The Amendment contemplates substantial changes to the mechanism
for the adjustment to the post-closing consideration. Under the Original Agreement, the total cash amount of the post-closing consideration,
which is RMB 40,000,000 (currently approximately US$5,714,285) (the “Target Cash Consideration”), shall be subject
to adjustment based on the appraised value of the Company. The Registrant shall pay cash in the amount of RMB 40,000,000 plus the
Adjustment Amount, which is defined as the appraised value of the Company minus RMB100,000,000, to the Sellers as part of the post-closing
consideration (the Adjustment Amount may be a positive or negative number.)
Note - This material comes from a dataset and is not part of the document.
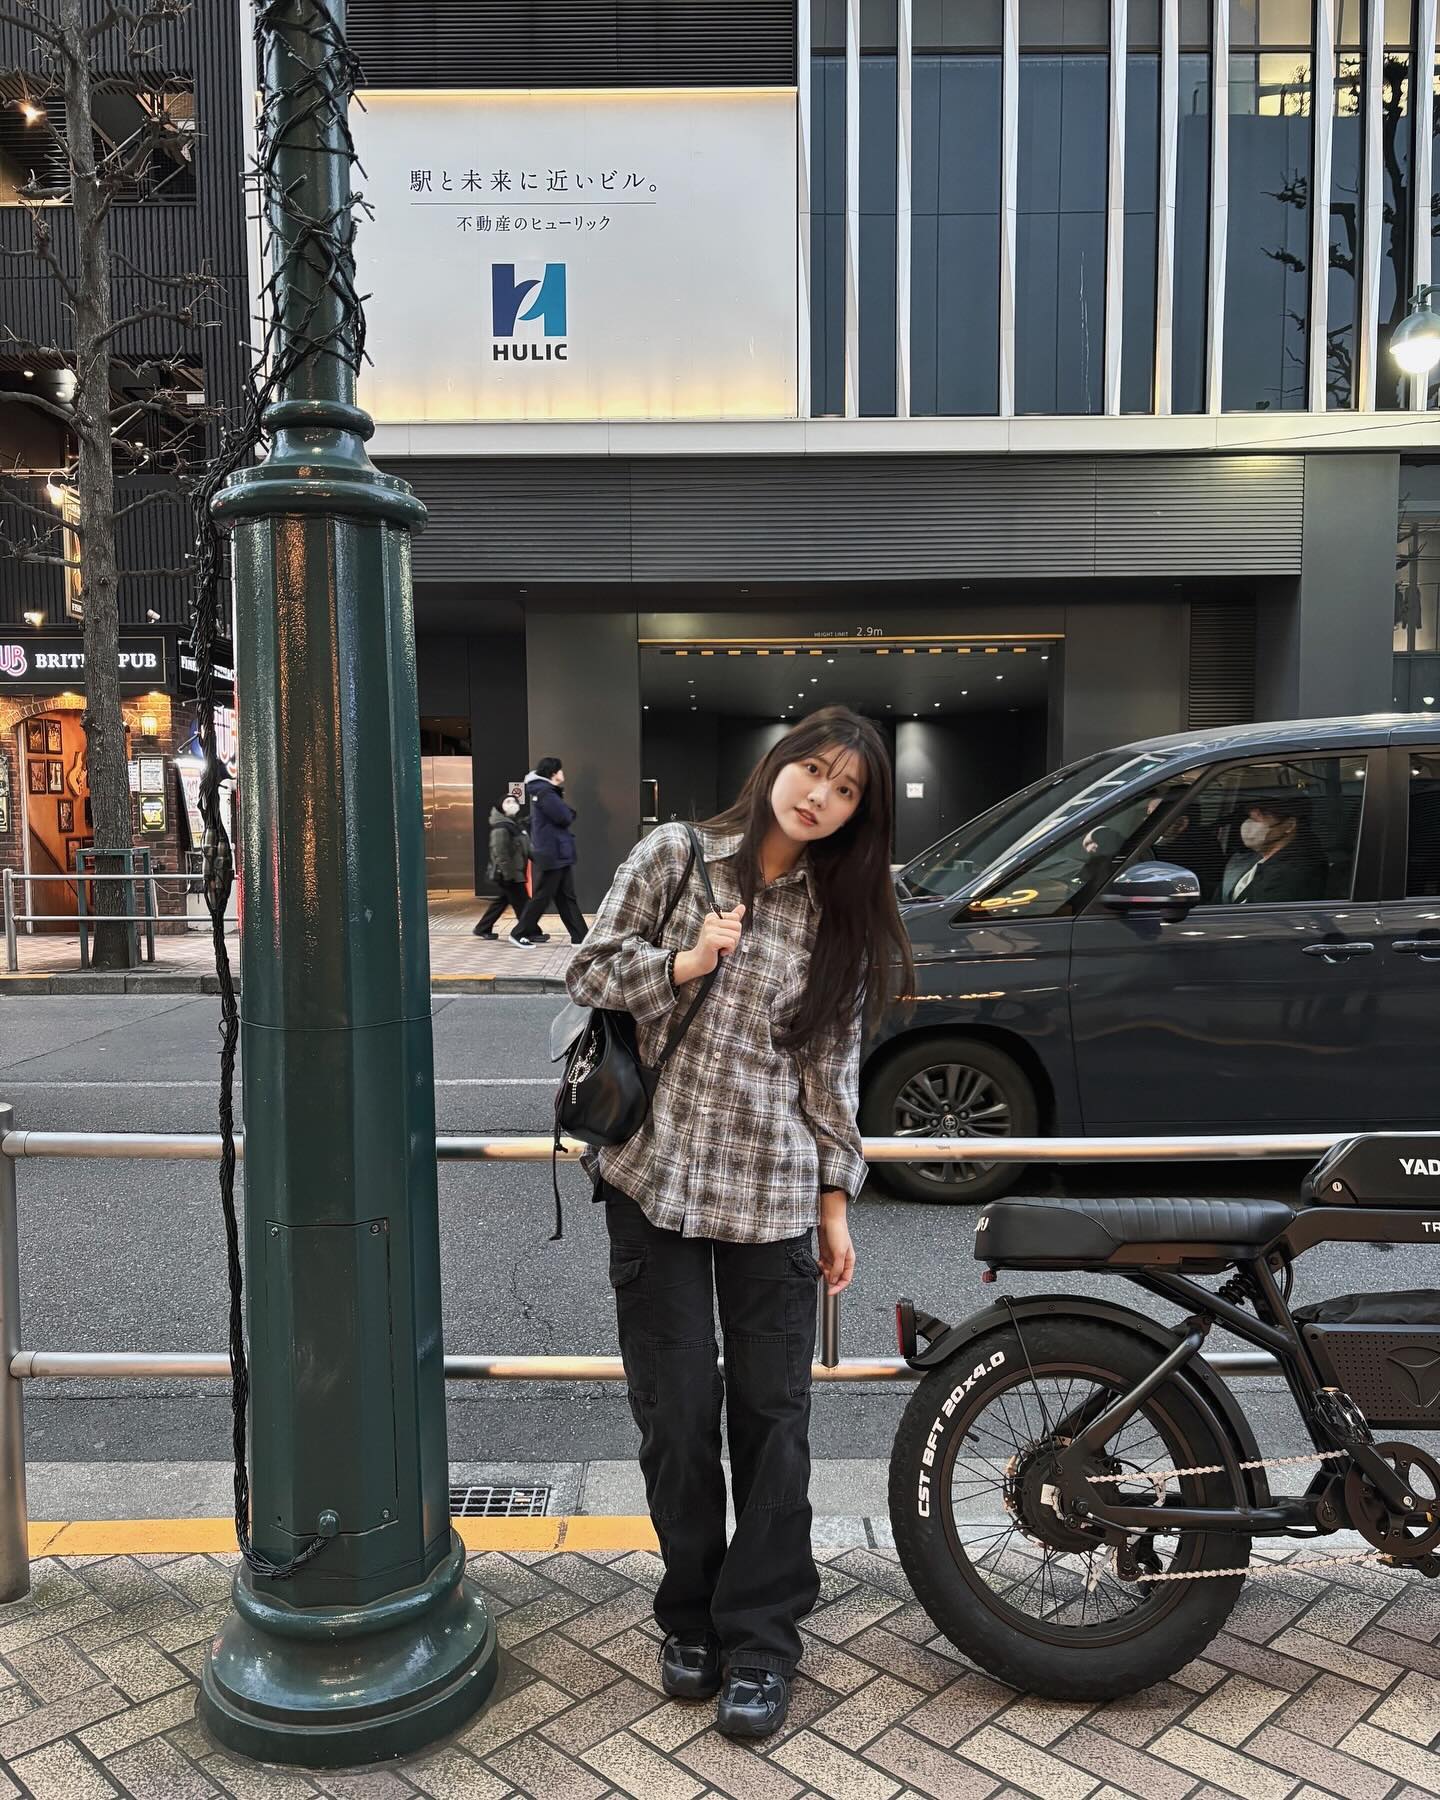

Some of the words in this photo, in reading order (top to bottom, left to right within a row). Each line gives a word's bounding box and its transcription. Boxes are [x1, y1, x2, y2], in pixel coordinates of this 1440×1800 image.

Pursuant to the Amended Agreement, the Target Cash Consideration
shall be adjusted according to the performance of the Company in 2020. Specifically, if the Company has at least 100,000 member
customers as of December 31, 2020 (the “Target Customer Number”) and achieves a gross profit of at least RMB 20,000,000
(currently approximately US$2,857,142) in 2020 (the “Target Profit Amount”), the Registrant will pay the full amount
of the Target Cash Consideration. If either the Target Customer Number or the Target Profit Amount is not met, the Target Cash
Consideration will be adjusted downward based on the actual performance comparing to the targets. In the event the Company’s
gross profit in 2020 is zero or a negative number, the Target Cash Consideration will not be paid.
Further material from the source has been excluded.